Among other things, he passed a constitutional amendment declaring that belief in God is a “core national value”. He enacted blasphemy laws that make it illegal to criticize the church or hurt believers’ feelings. He’s rolled back women’s rights, including by restricting abortion and even decriminalizing domestic violence (yes, you read that correctly).
LGBTQ rights in Russia are nonexistent. It’s a crime to “promote or praise” same-sex relationships, or even to describe any sexuality other than heterosexuality as normal.
Under Putin, Russia has become a theocracy where the Russian Orthodox Church reigns supreme above other faiths. One example is the Yarovaya Law, which requires religious organizations to get a permit to proselytize or to hold services. Supposedly, this is in the name of fighting terrorism and extremism.

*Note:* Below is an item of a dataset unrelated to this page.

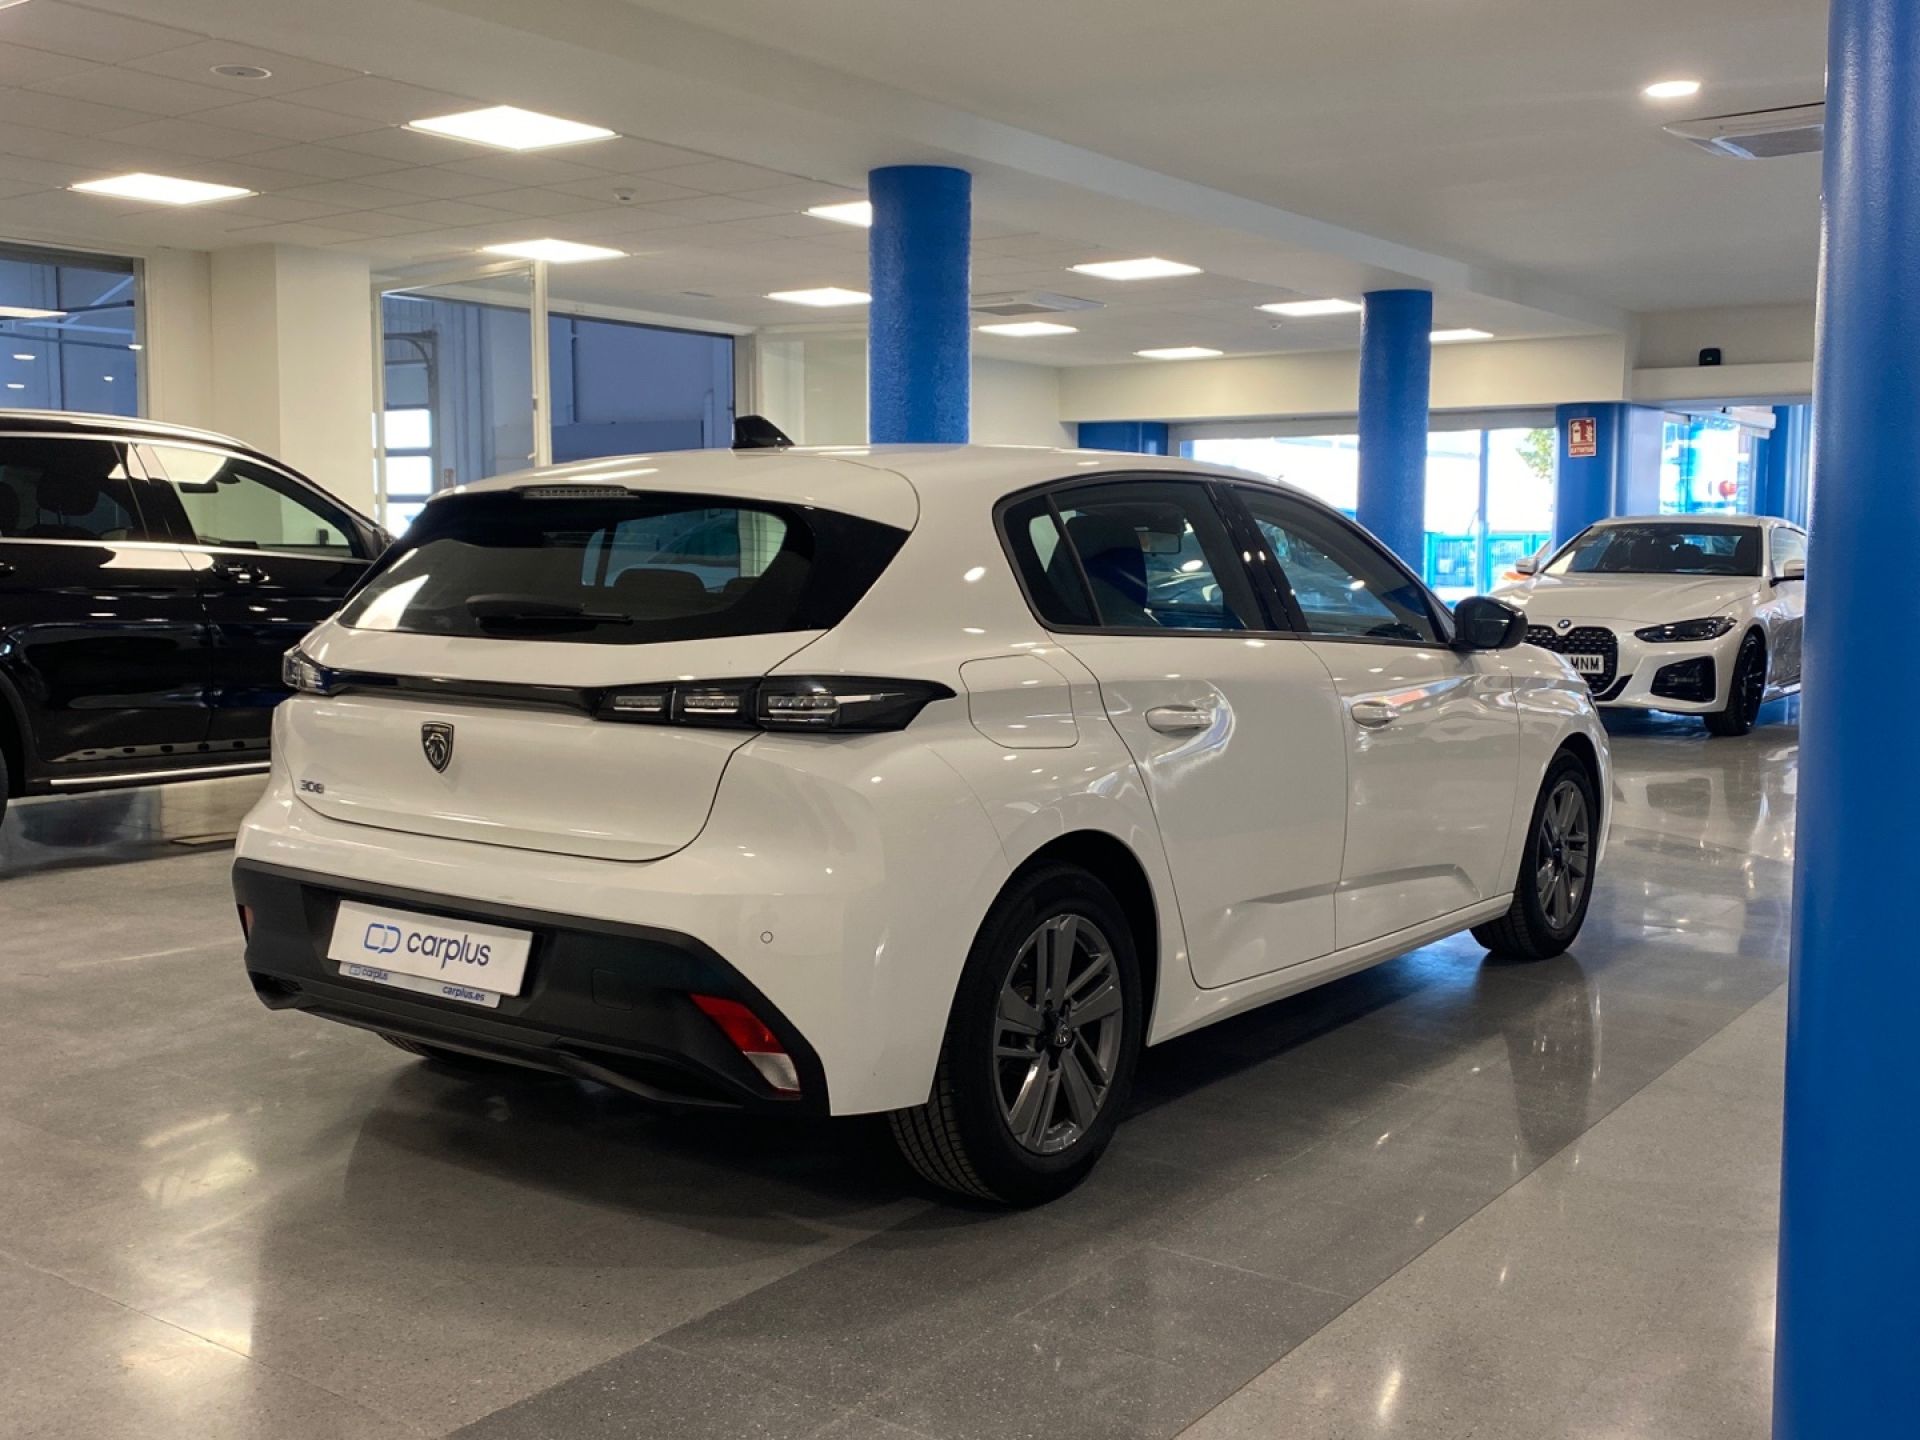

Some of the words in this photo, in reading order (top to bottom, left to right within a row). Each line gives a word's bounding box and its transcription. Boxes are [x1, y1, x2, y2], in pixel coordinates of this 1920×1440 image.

But that power is trivial for the state to abuse, granting permits only to churches that serve the interests of the ruling class while suppressing their competition.
Tsar Putin and Patriarch Kirill
The dominant faith in Russia is the Russian Orthodox Church, which is a denomination of Eastern Orthodox Christianity. Eastern Orthodoxy is the faith that emerged from the Byzantine Empire, just as Roman Catholicism emerged from the Western Roman Empire.
Unlike Catholicism, Eastern Orthodoxy has no pope or other central authority. Rather, it has a multiplicity of local and national churches that practice the same rites and are in communion with each other, but are independent of each other. Each one is headed by a hierarch variously titled a metropolitan, an archbishop or a patriarch.
The head of the Russian Orthodox Church, Patriarch Kirill, is one of Putin’s closest allies. Putin’s patronage has conferred immense power and influence on the church. Kirill himself has also benefited personally, to the tune of billions of dollars. In one infamous story, he was spotted wearing a $30,000 luxury watch which propagandists clumsily, and unsuccessfully, tried to edit out of the photo.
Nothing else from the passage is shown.